From: Liam Quinn <liam@htmlhelp.com>
Date: Wed, 03 Jun 1998 21:37:32 -0400
Message-Id: <3.0.5.32.19980603213732.00a50100@undergrad.math.uwaterloo.ca>
To: w3c-wai-gl@w3.org
Cc: Leslie Brogger <leslie.brogger@born.com>
At 06:13 PM 03/06/98 -0700, Charles (Chuck) Oppermann wrote:
>To me, the real question is "As author, am I trying to impart a particular
>look and feel, or am I trying to structure my HTML-based documents?"  If
>look and feel, use presentation elements like <B>, or better yet, use
>CSS-equivalents.  If structure, use the appropriate structure tags.

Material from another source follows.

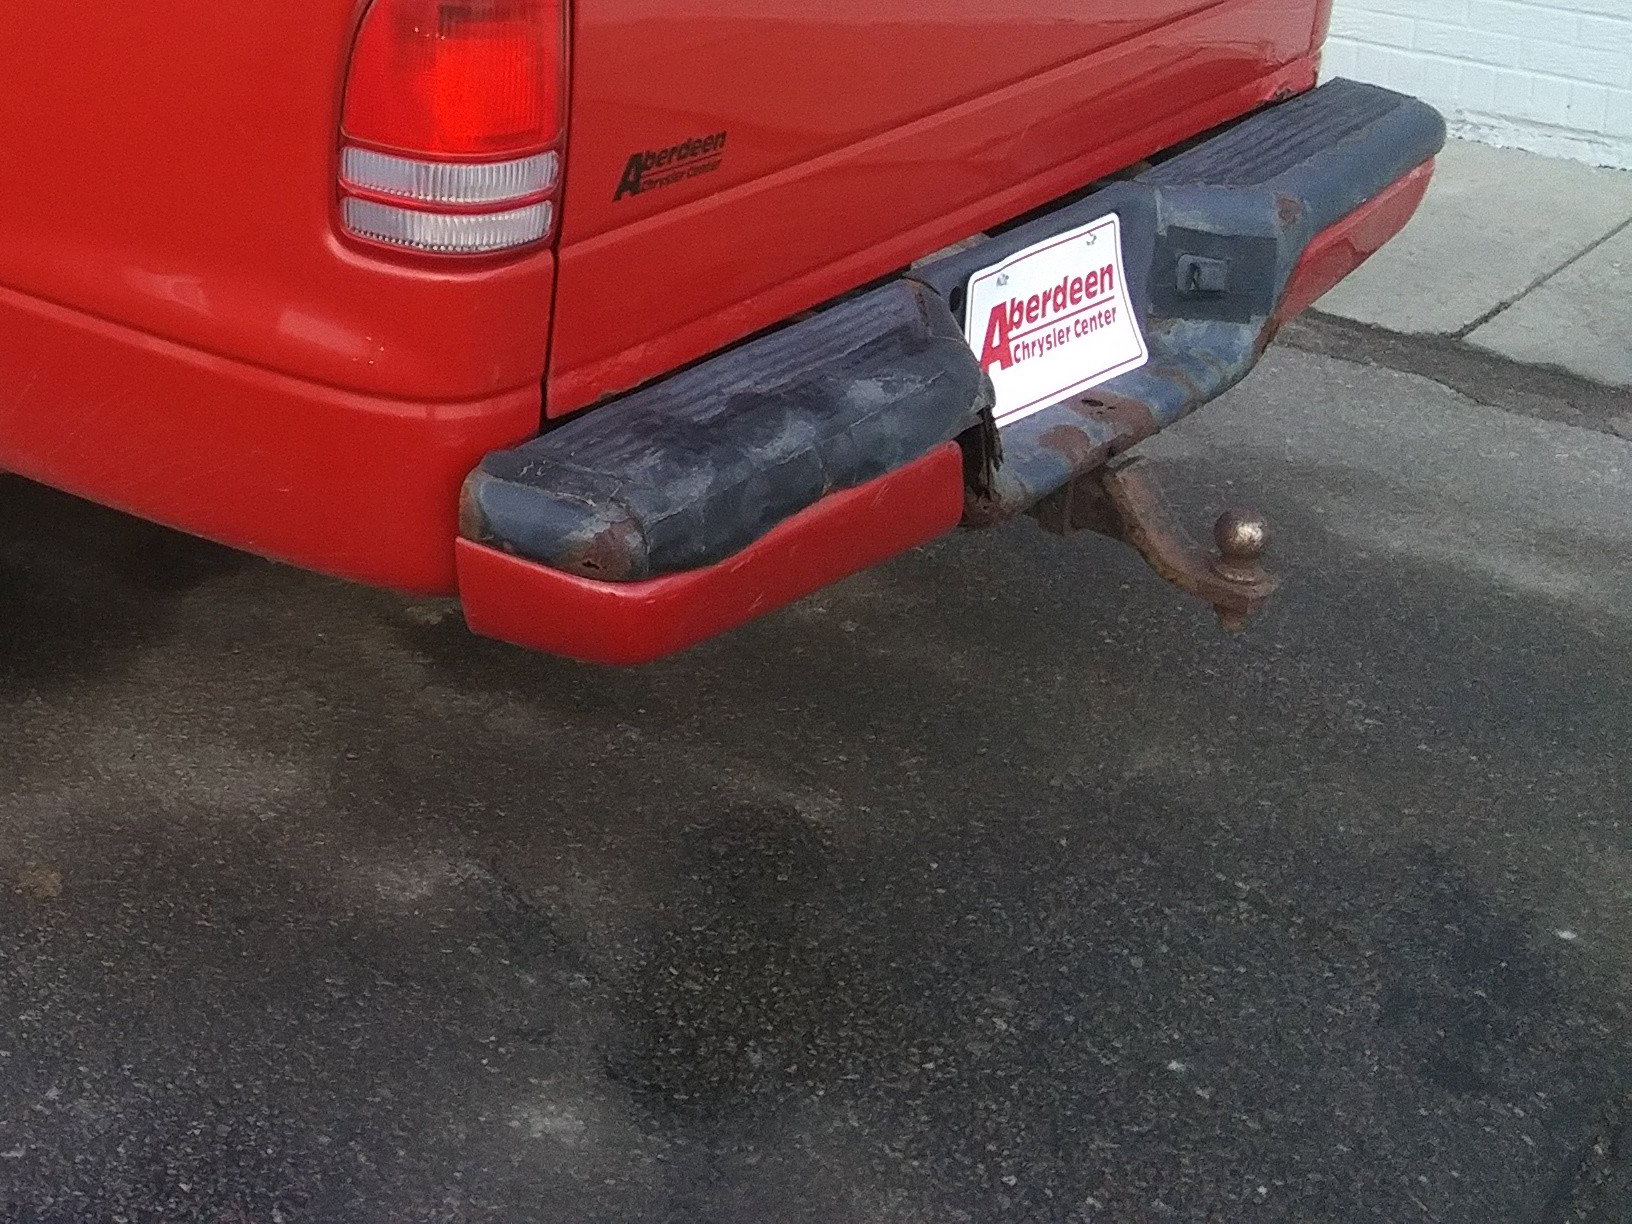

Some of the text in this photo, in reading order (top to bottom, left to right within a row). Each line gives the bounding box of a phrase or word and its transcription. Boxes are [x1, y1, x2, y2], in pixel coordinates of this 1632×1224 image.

[612, 130, 728, 202] Aberdeen
[978, 263, 1115, 373] Aberdeen
[1013, 306, 1117, 364] Chrysler Center
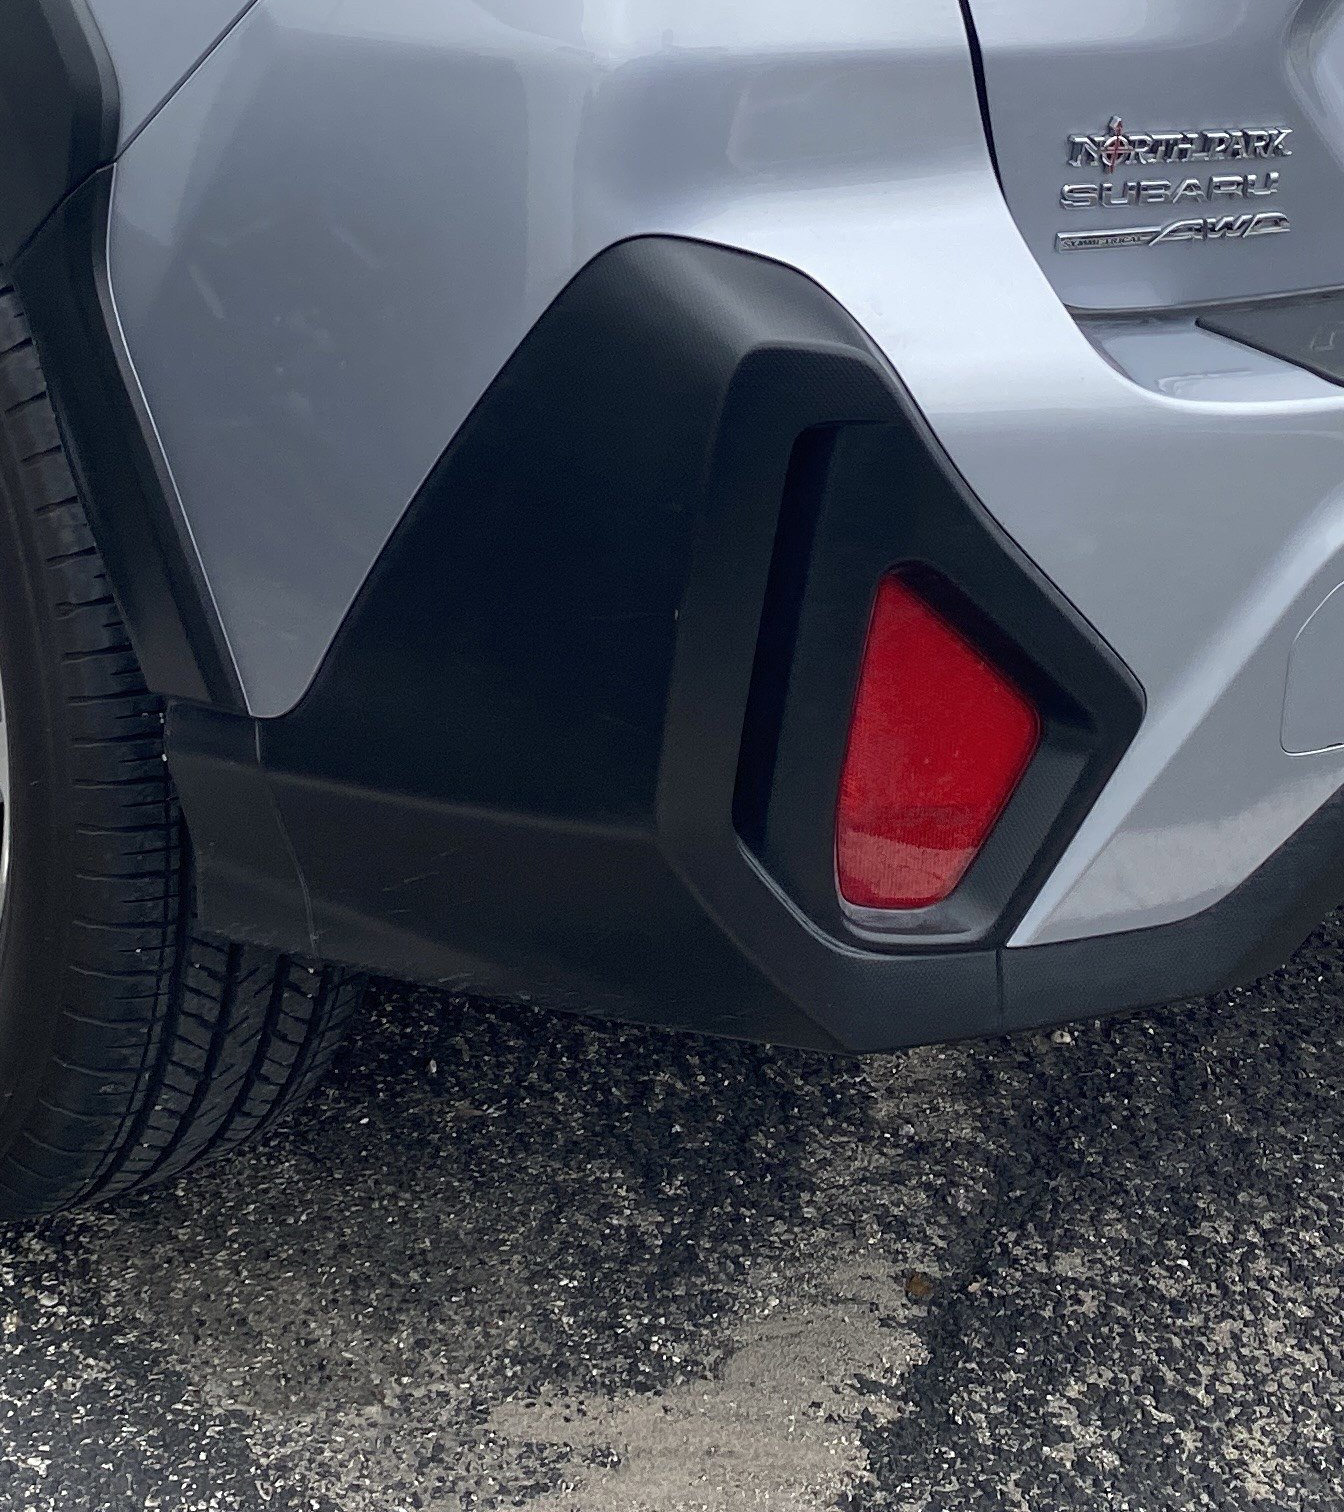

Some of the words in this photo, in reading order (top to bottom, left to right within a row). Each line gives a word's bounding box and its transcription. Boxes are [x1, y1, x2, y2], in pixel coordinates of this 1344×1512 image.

For optimum accessibility, structural elements should always be used.  If
the author wishes to impart a particular look and feel, then CSS easily
hooks into a well-structured document, providing the author more
flexibility if he or she decides that all those B elements should actually
have been I elements.

If the author is concerned about the bland look that old browsers like
Netscape 3.x will give to the CSS-styled document, then supplementing the
structural elements with presentation elements can be relatively harmless
in terms of accessibility, though it does reduce the flexibility of the
author and user to change the presentation.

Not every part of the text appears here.